A 28-year-old autistic man from Colorado who had been living on frogs and roots for weeks while wandering the remote Escalante Desert of southern Utah was found emaciated but alive, authorities said.
William Martin LaFever of Colorado Springs, Colo., told the people who rescued him that besides eating the bits of food that he found in the wild, he drank water from the Escalante River, Associated Press reported.
He had attempted to walk approximately 90 miles or more from Boulder, Utah, to Page, Arizona.
Authorities from the Garfield County Sheriff's Department said that the man was likely to have traveled about 40 miles over at least three weeks before he was found on Thursday.
"It is some of the most rugged, unforgiving terrain you will find anywhere on Earth, jagged cliffs, stone ledges, sandstone, sagebrush, juniper," said sheriff's spokeswoman Becki Bronson, according to AP.
"Where William was hiking, there just isn't anyone out there," she said. "There are no people. There are no towns."
Garfield County authorities said that it was incredible that searchers aboard a helicopter were able to find the 28-year-old at all, much less alive.
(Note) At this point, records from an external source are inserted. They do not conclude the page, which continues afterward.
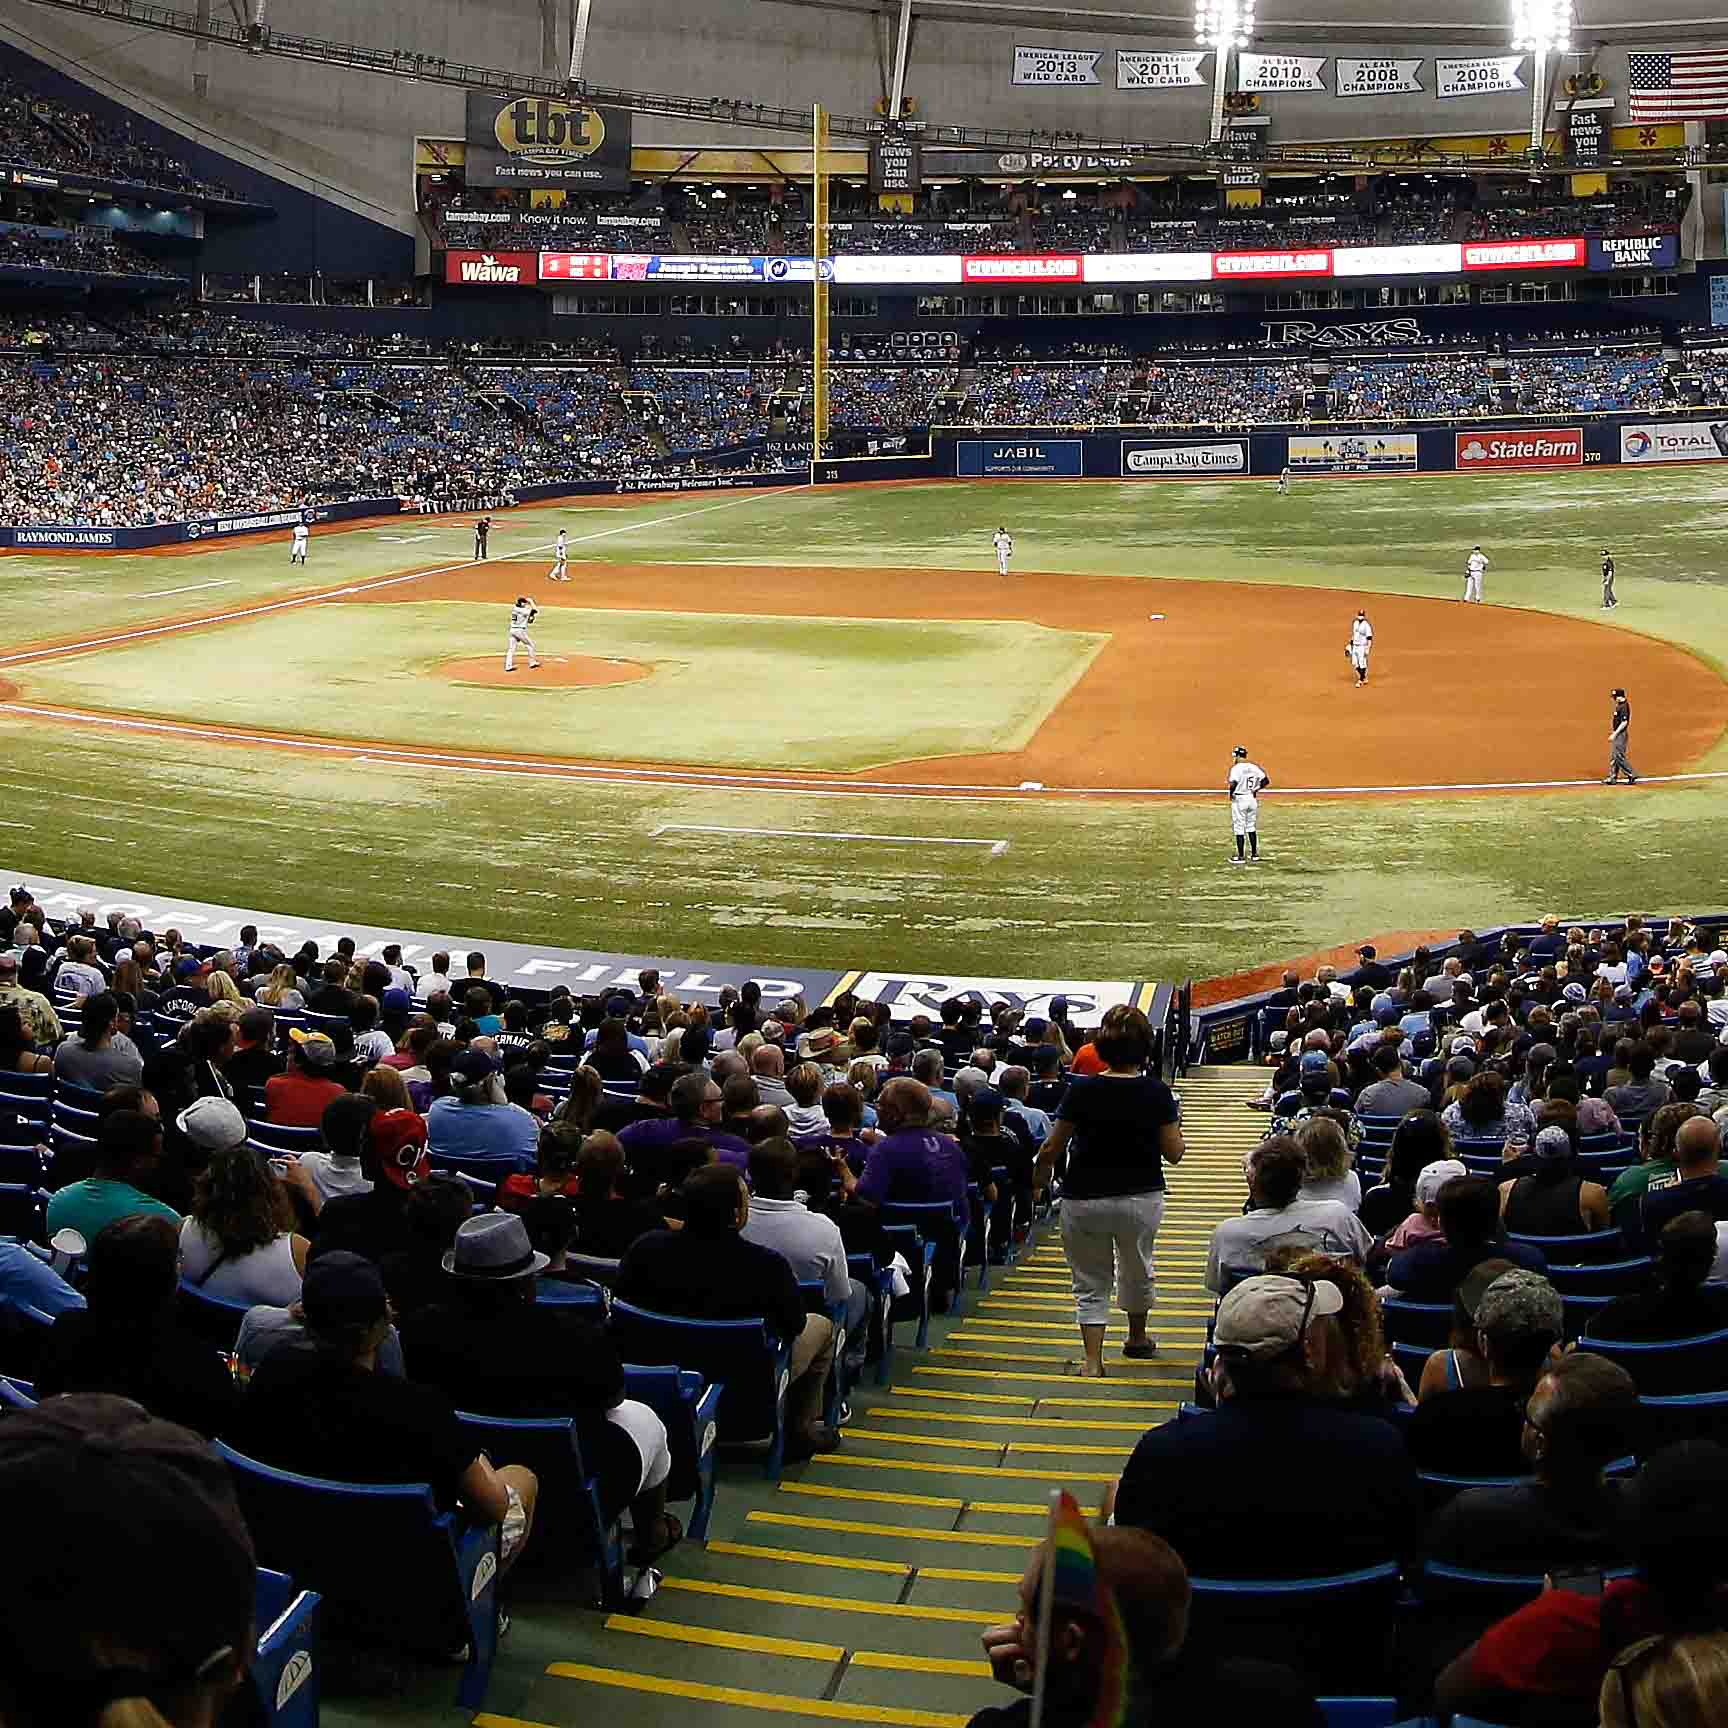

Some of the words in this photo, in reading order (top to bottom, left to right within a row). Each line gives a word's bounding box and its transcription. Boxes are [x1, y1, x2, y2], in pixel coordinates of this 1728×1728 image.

[1036, 60, 1077, 72] 2013
[1140, 63, 1180, 76] 2011
[1023, 72, 1053, 81] WILD
[1056, 74, 1087, 82] CARD
[1259, 66, 1301, 79] 2010
[1356, 69, 1399, 82] 2008
[1456, 68, 1500, 82] 2008
[1127, 76, 1154, 84] WILD
[1160, 75, 1191, 84] CARD
[1245, 79, 1313, 88] CHAMPIONS
[1343, 82, 1410, 92] CHAMPIONS
[1443, 81, 1512, 92] CHAMPIONS
[511, 100, 591, 145] tbt
[1571, 113, 1597, 125] Fast
[1227, 131, 1257, 141] Have
[1570, 125, 1602, 136] news
[1575, 136, 1597, 148] you
[880, 147, 912, 156] news
[885, 158, 907, 169] you
[495, 166, 515, 176] Fast
[518, 168, 542, 177] news
[545, 169, 562, 178] you
[564, 170, 581, 178] can
[584, 171, 602, 179] use.
[885, 167, 907, 177] can
[884, 179, 909, 188] use.
[1223, 173, 1260, 184] buzz?
[446, 211, 510, 223] tampabay.com
[520, 213, 551, 224] Know
[553, 213, 561, 224] it
[564, 215, 588, 225] now.
[597, 215, 660, 227] tampabay.com
[1602, 237, 1662, 251] REPUBLIC
[1614, 249, 1651, 263] BANK
[461, 261, 520, 281] Wawa
[1260, 318, 1420, 347] RAYS
[766, 442, 780, 451] 162
[784, 441, 833, 451] LANDNG
[1655, 434, 1711, 449] TOTAL
[993, 447, 1046, 459] JABIL
[1584, 452, 1600, 462] 370
[1133, 455, 1173, 468] Tampa
[1176, 453, 1199, 468] Bay
[1201, 452, 1238, 465] Times
[625, 479, 636, 489] St.
[638, 479, 679, 490] Petersburg
[681, 478, 717, 488] Welcomes
[17, 532, 74, 544] RAYMOND
[75, 532, 112, 544] JAMES
[872, 978, 1098, 1016] RAYS
Deputy Ray Gardner, one of the rescuers who was aboard the helicopter and who recently completed training in search and rescue for people with autism, said that LaFever would have survived another 24 hours.
Rescuers had taken LaFever was to Garfield Memorial Hospital in Panguitch, and the hospital has not released any information about his condition.
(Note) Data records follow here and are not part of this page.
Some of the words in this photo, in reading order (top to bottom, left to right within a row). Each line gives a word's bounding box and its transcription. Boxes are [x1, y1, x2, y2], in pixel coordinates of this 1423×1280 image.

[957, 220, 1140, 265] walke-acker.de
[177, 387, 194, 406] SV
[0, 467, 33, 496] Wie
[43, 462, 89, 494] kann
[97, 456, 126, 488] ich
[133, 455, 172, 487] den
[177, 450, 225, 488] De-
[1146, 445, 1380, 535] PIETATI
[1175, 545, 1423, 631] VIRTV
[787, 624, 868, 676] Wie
LaFever had been trying to get to Page because his father, John LaFever of Colorado Springs, told him he would wire money to him in there, according to a statement released by the sheriff department.
The 28-year-old had called his father on June 6 or 7 to say he was hiking in the Boulder area with his dog, and that someone had stolen some of his hiking gear and that he had run out of money.
His father told him to catch a ride to Page to collect the money.
However, instead of following his father's orders, LaFever decided to hike down the Escalante River and then hitch a boat ride along Lake Powell to Page instead of catching a ride.
While hiking along the river, he had run out of food and his dog left him. He had abandoned all his gear until all he had was the clothing and shoes he was wearing when he was found, the sheriff's department said.
The dog has not been seen since, and authorities do not know why it vanished.
The June phone call LaFever made to his father was the last time the family heard from him and his sister reported him missing on Monday, the sheriff department said.
Authorities said that autistic people are naturally drawn to water, so the helicopter search focused on the Escalante River, the department said.
Rescuers from above spotted LaFever Thursday afternoon as he was sitting in the Escalante River about five miles from Lake Powell, desperately waving at the aircraft.
Gardner had been stunned when LaFever identified himself because of the unlikelihood of finding anyone in that country, the sheriff's department said.
"In all my career I have never seen someone so emaciated," Gardner said in the sheriff's department release. "I could not believe that he was alive, and feel certain that in another 24 hours he would not have been alive."
The department said that LaFever was so weak that he could not stand, but he was so happy for human contact that initially he would not stop talking long enough to eat or drink; he eventually took a drink and ate a granola bar.